Adin almost thanked the dwarf before he realized he was being insulted. “Hey!” the noble shouted, but everyone else just laughed at his expense. 

“Well, then we grow the gang,” Lucas said. “We could tap into our relationship with the Brass Knights, but it would be impossible to keep it a secret then.”

“What other choice do we have?” Adin asked. “I know Viscounts, Baronesses, and Earls, but not a single mercenary company looking for work, I’m afraid.”

“You know lots of people,” Lucas said. “Servants that might drive the wagon, those villagers you were going to hire to do construction on the cider house. Kar’gandin probably knows a couple of dwarves who are good with an axe, too. If he doesn’t, then I’m sure his cousin does. You guys are tight like that, right?”

“I know a few caravan guards, sure,” Kar’gandin said, cautiously, “But I’m not sure exactly what it is you’re getting at here.”

“What I’m saying is we gotta build our own muscle, our own network,” Lucas said. “Someday, we should handle everything up to and including distribution. That doesn’t happen until we have enough money to buy a few members of the watch, though.”

“But teamsters and brute labor… they aren’t killers, Lucas,” Adin said. “I could hire all of the strongest men in Meadowin. Most of them know how to use a sword or an axe, but they’re hunters and farmers, not murderers.”

Neither am I, Lucas thought, but that doesn’t mean we won’t all become one sooner or later. He didn’t say that, though. Instead, he just shrugged, and when that wasn’t a good enough answer, he said, “Have you seen the state of your village, man? Kids so skinny you can see their ribs through their shirts. If a man’s family is starving, and you’re offering to put food on their table, or they have a sick wife, and you can make the cure, you can own them pretty cheap.”

He paused as he listened to the words coming out of his mouth. It wasn’t something he planned in advance, but it was definitely on the right track, so he decided to double down. “Us four, we’re stuck together now, for better or worse, until we make enough money to go our separate ways, but we start inviting just anybody to come work for us, and sooner or later, one of the other big gangs is going to figure out who we are, where we cook, and how to put us out of business. We want to avoid that, well - we’ve got to be smart about it, you know?”

“Why worry about city dwellers at all?” Hura’gh asked. “We could simply pay tribute to a tribe from the great plains, and they—”

“And they would stick out like a sore thumb,” Lucas said, trying hard not to sigh. “We need people that can blend in. People with a particular set of skills if you will. If you got a buddy or two you trust to crush some skulls, then I’m all ears, but a tribe…maybe not right now.”

Hura’gh glowered at him, but since he didn’t actually growl, Lucas called it a win. 

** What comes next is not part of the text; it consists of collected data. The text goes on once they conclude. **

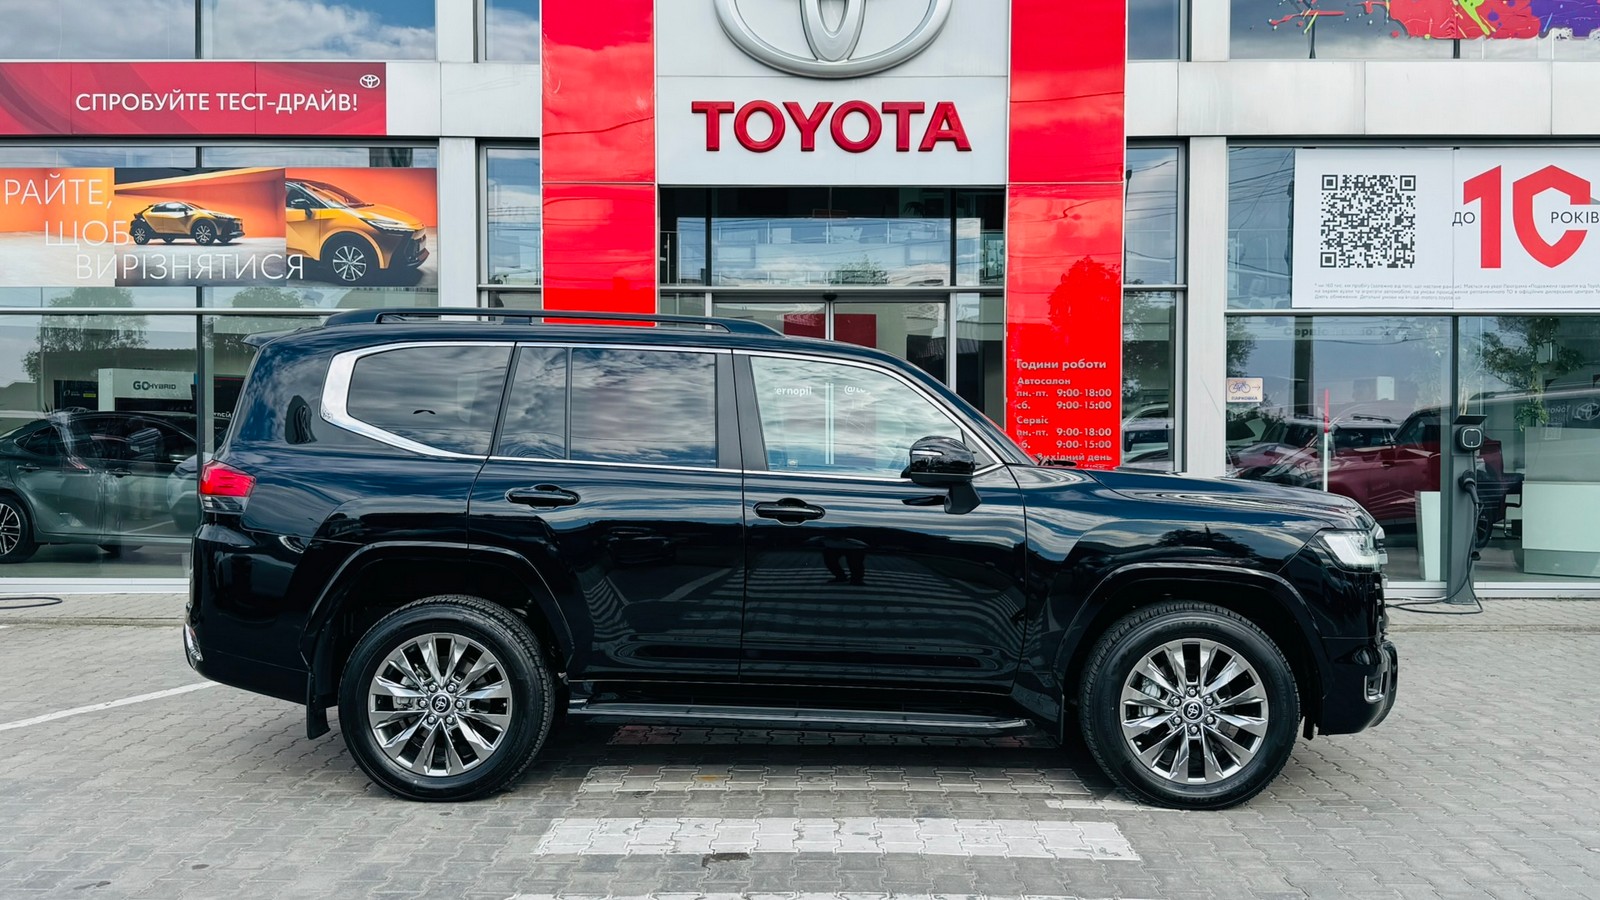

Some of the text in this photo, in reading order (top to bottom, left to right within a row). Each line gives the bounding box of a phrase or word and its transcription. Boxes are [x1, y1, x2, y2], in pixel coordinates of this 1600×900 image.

[76, 89, 358, 114] СПРОБУЙТЕ ТЕСТ-ДРАЙВ!
[691, 100, 972, 153] TOYOTA
[4, 173, 113, 209] РАЙТЕ,
[1452, 165, 1600, 268] ДО 10 РОКІВ
[45, 220, 131, 251] ЩОБ
[76, 254, 304, 280] ВИРІЗНЯТИСЯ
[1016, 359, 1107, 371] Години роботи
[1017, 377, 1071, 385] Автосалон
[774, 386, 812, 397] ernopil
[1016, 401, 1031, 409] сб.
[1016, 415, 1049, 426] Сервіс
[1018, 440, 1031, 449] б.
[1087, 454, 1112, 462] день

“Ye know lad, I might have been wrong about ye,” the dwarf said, as he leaned back in his chair. 

“Oh yeah? How’s that?” Lucas asked.

“I thought ye were just a lunatic looking to make some quick coin, but yer really tryin’ to build something here, ain't ya?” The dwarf’s tone was approving, but even if it wasn’t Lucas would have grinned. 

“I’m just a guy trying to put together enough coins to open a bar and invent Mexican food,” Lucas said. “But we need to make a lot of money to get there, and I’m sure this is the way to do it.”

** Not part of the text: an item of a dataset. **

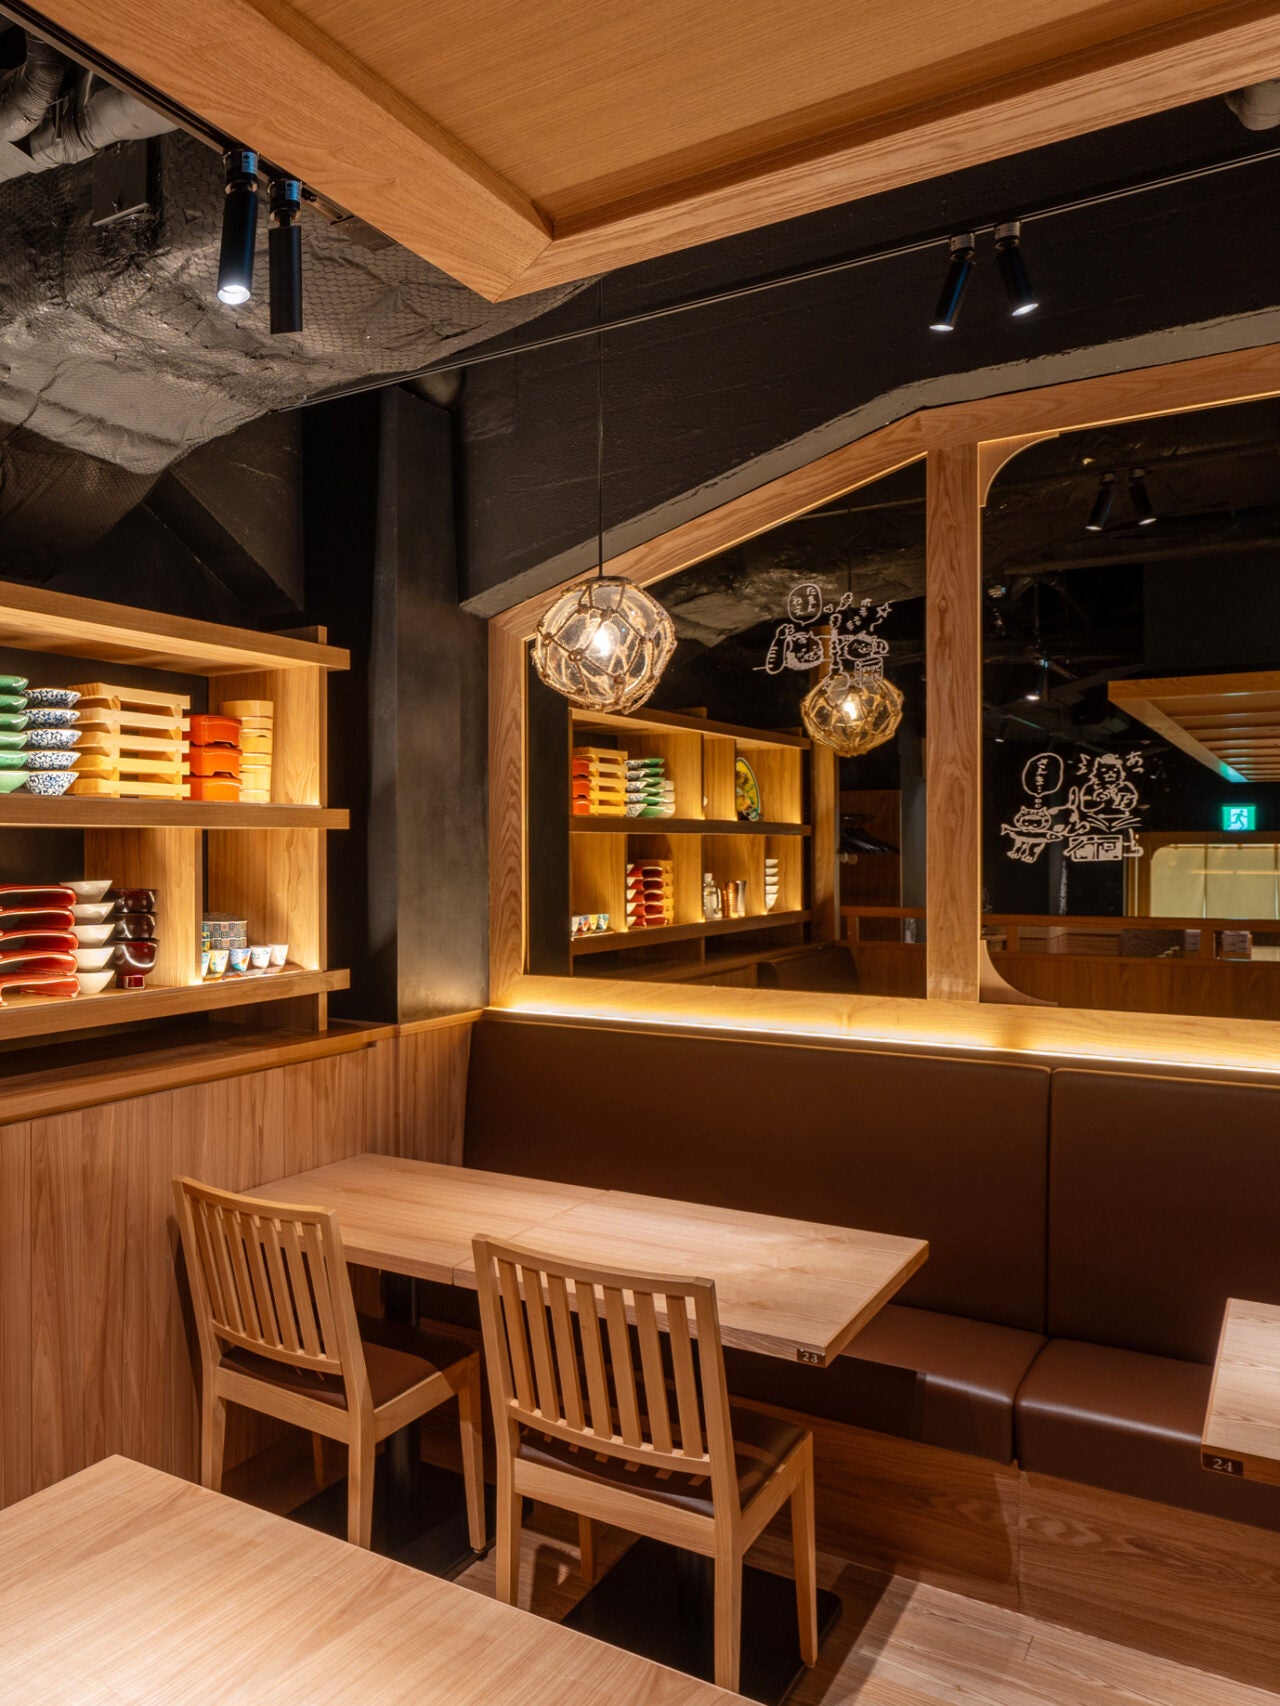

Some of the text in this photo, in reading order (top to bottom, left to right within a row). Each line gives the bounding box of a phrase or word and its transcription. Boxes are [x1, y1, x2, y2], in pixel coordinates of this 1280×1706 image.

[1124, 750, 1145, 774] あっ
[802, 1352, 818, 1363] 23
[1212, 1458, 1233, 1472] 24

Even after dinner wound down, the four of them talked about his plan to find and take out whatever abattoir the Blind had set up. To him, it seemed more than doable. The bastards were most known for petty theft, pickpocketing, and begging rings. They were scammers, not fighters, so as soon as the four of them put out some feelers and found where they needed to hit, he was sure they would fold easily enough.